*** ENTRIES SUPPLIED Section Begins ***

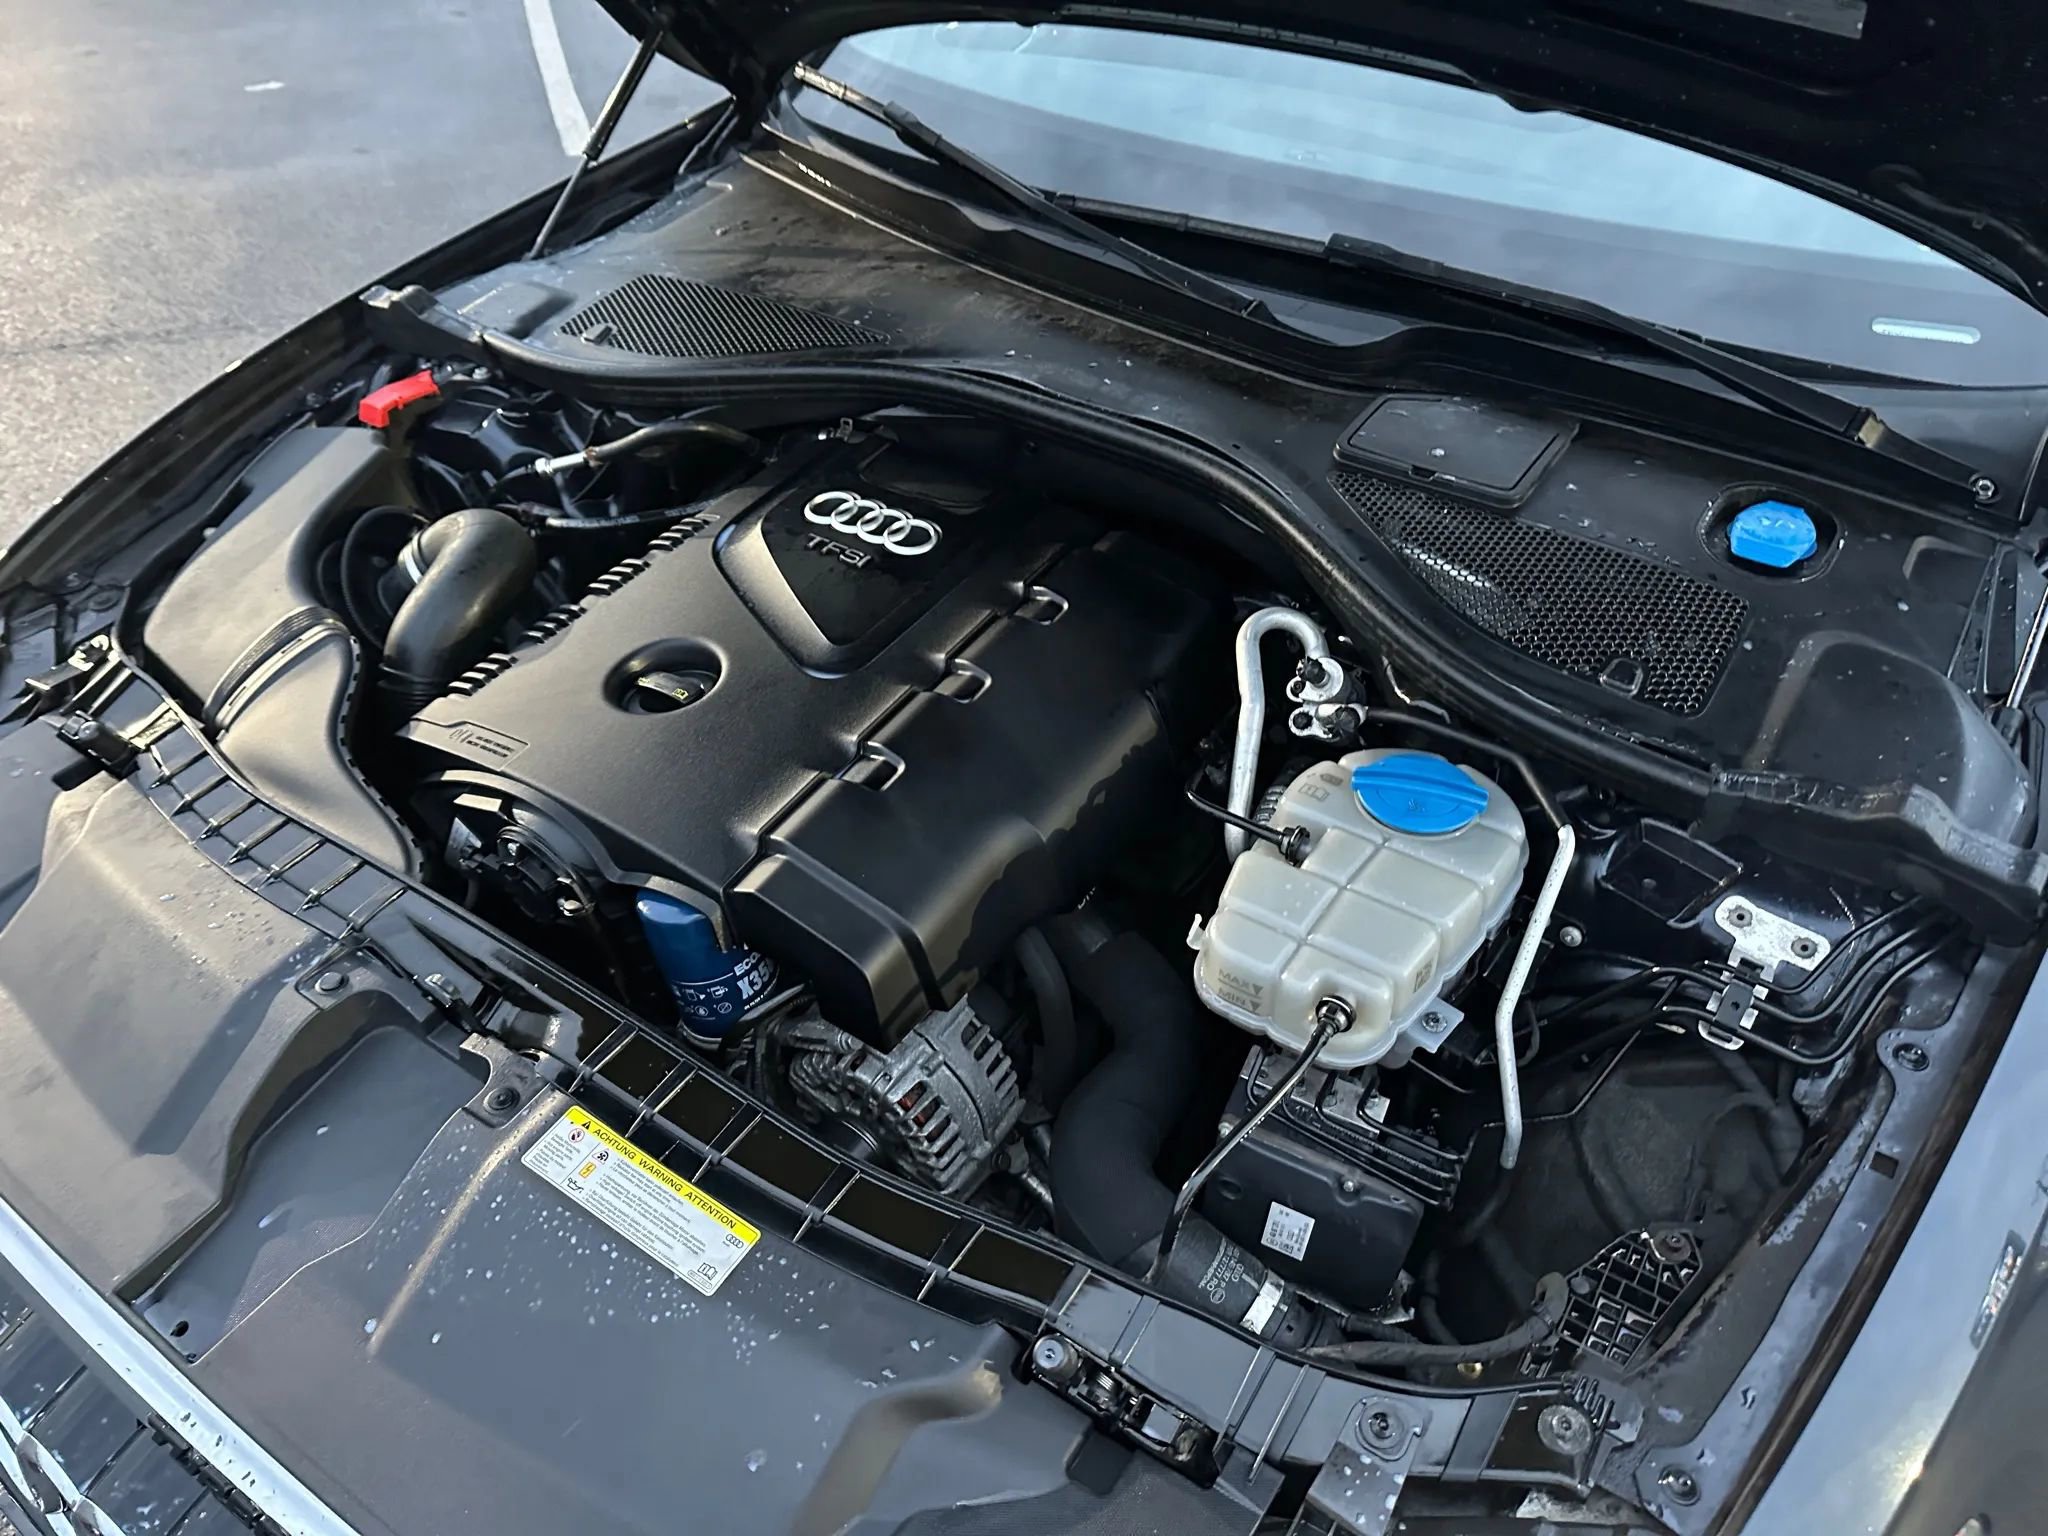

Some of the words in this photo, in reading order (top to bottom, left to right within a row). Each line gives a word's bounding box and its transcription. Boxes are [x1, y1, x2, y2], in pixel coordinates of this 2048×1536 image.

[807, 533, 872, 568] TFSI
[1218, 969, 1250, 990] MAX
[593, 1128, 637, 1160] ACHTUNG
[638, 1157, 684, 1193] WARNING
[685, 1191, 737, 1230] ATTENTION
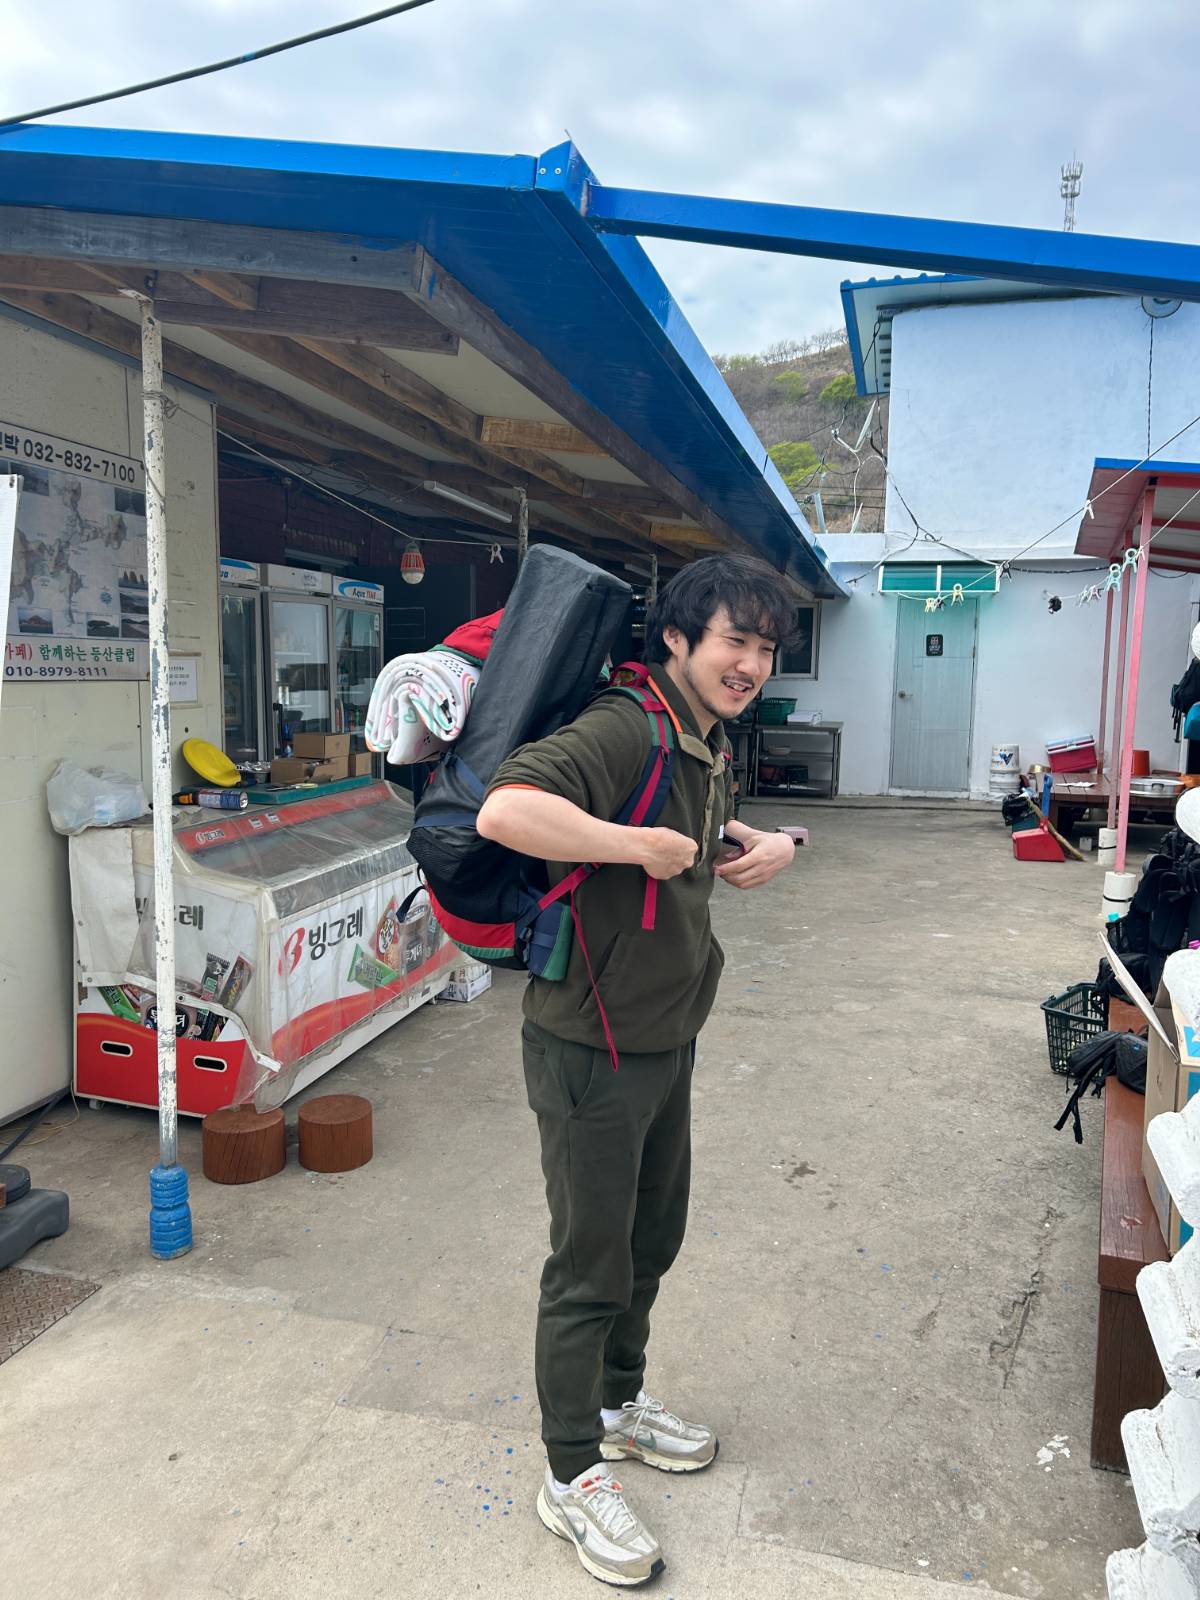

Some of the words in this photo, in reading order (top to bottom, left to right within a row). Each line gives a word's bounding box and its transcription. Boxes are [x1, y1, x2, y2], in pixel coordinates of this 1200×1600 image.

*** ENTRIES SUPPLIED Section Ends ***

**EXERCISE DIRECTIONS**
What you return should match the entries word for word, pictures aside.

**ANSWER SECTION**
Some of the words in this photo, in reading order (top to bottom, left to right within a row). Each line gives a word's bounding box and its transcription. Boxes are [x1, y1, x2, y2], in pixel coordinates of this 2048×1536 image.

[807, 533, 872, 568] TFSI
[1218, 969, 1250, 990] MAX
[593, 1128, 637, 1160] ACHTUNG
[638, 1157, 684, 1193] WARNING
[685, 1191, 737, 1230] ATTENTION

Some of the words in this photo, in reading order (top to bottom, left to right within a row). Each line gives a word's bounding box and its transcription. Boxes are [x1, y1, x2, y2], in pixel coordinates of this 1200×1600 image.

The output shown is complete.